▶ Exercise details
The answer should be the records below, word for word, with every image left out.

▶ Input material
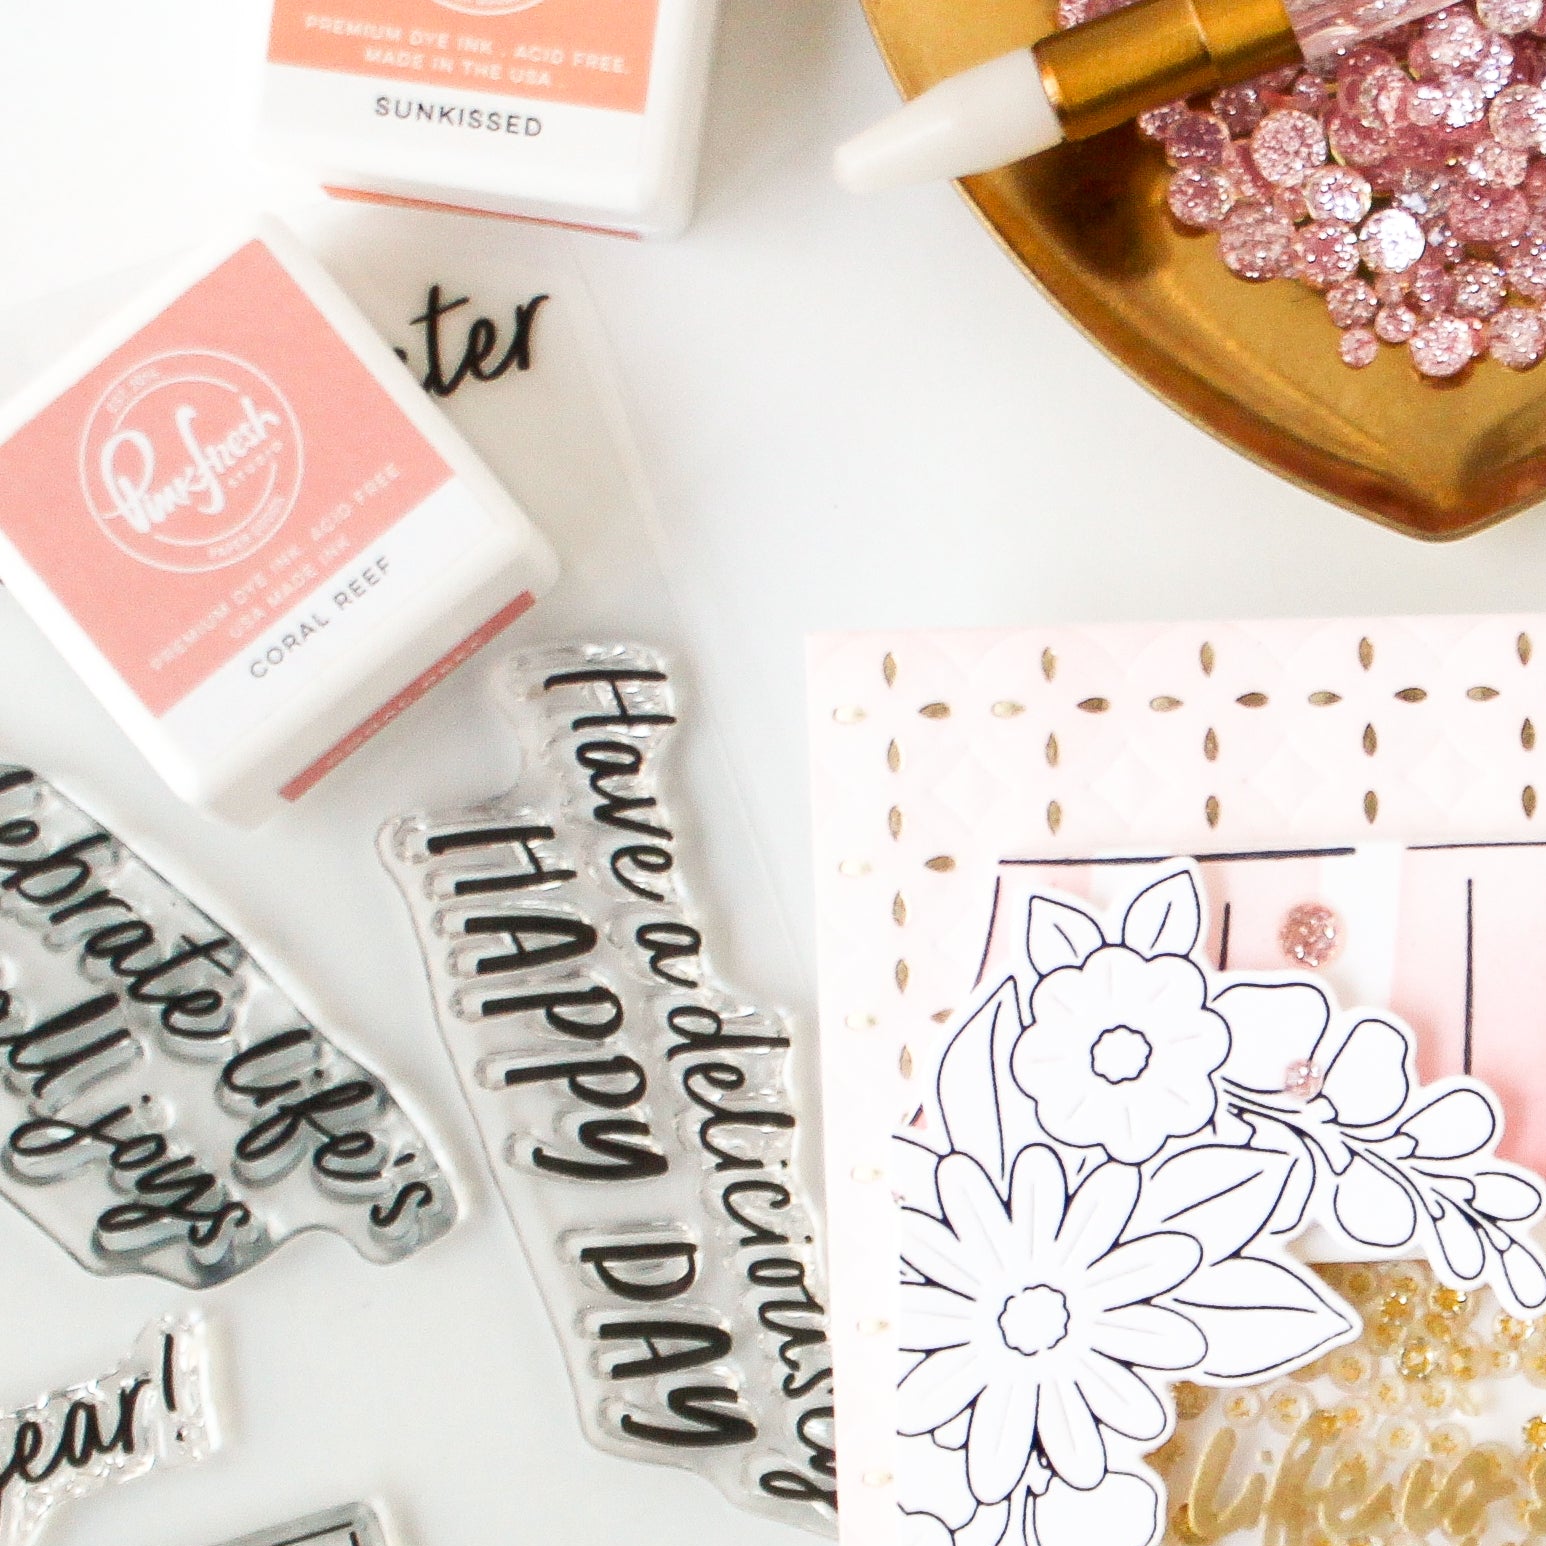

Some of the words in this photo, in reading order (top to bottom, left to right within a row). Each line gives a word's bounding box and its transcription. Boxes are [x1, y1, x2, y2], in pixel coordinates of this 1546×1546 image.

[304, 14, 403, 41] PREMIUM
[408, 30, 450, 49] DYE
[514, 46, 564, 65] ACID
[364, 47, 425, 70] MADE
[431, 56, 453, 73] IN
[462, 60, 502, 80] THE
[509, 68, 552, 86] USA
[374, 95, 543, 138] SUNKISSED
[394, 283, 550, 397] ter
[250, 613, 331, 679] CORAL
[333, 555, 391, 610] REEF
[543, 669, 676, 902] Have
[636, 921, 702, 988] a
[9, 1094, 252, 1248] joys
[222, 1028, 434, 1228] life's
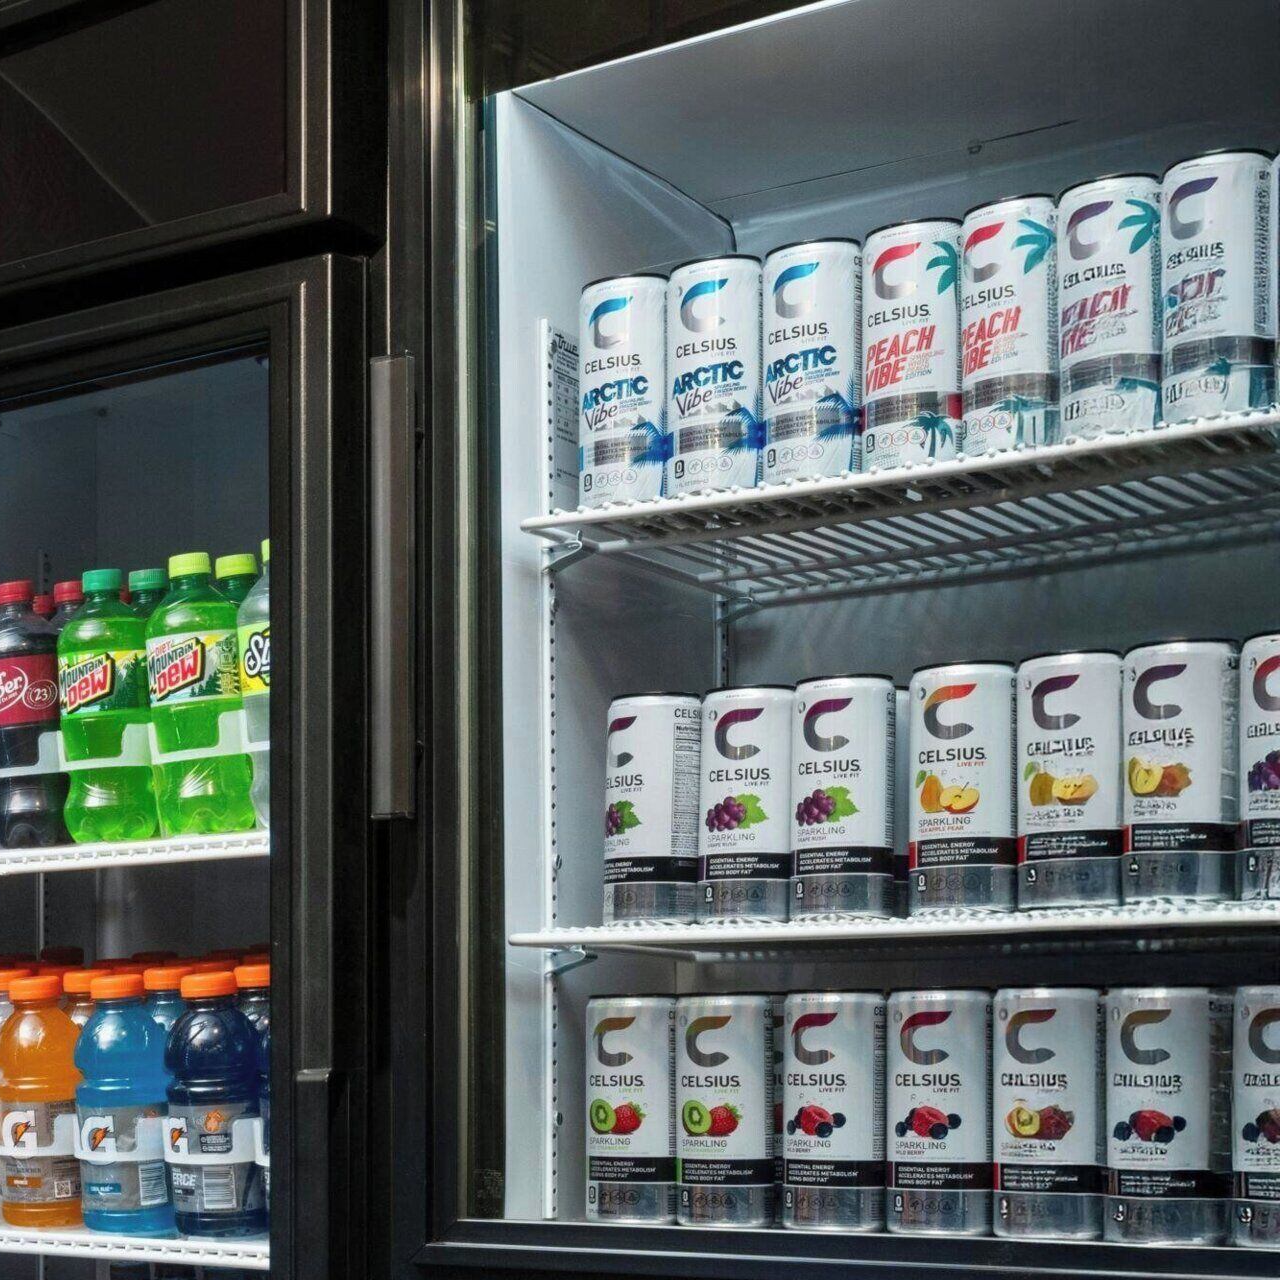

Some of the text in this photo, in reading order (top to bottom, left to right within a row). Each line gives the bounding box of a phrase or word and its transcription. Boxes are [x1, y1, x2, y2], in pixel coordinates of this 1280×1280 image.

▶ The answer
Some of the words in this photo, in reading order (top to bottom, left to right within a row). Each line gives a word's bounding box and its transcription. Boxes are [x1, y1, x2, y2], in pixel coordinates of this 1546×1546 image.

[304, 14, 403, 41] PREMIUM
[408, 30, 450, 49] DYE
[514, 46, 564, 65] ACID
[364, 47, 425, 70] MADE
[431, 56, 453, 73] IN
[462, 60, 502, 80] THE
[509, 68, 552, 86] USA
[374, 95, 543, 138] SUNKISSED
[394, 283, 550, 397] ter
[250, 613, 331, 679] CORAL
[333, 555, 391, 610] REEF
[543, 669, 676, 902] Have
[636, 921, 702, 988] a
[9, 1094, 252, 1248] joys
[222, 1028, 434, 1228] life's

Some of the text in this photo, in reading order (top to bottom, left to right within a row). Each line gives the bounding box of a phrase or word and its transcription. Boxes are [x1, y1, x2, y2], in pixel coordinates of this 1280×1280 image.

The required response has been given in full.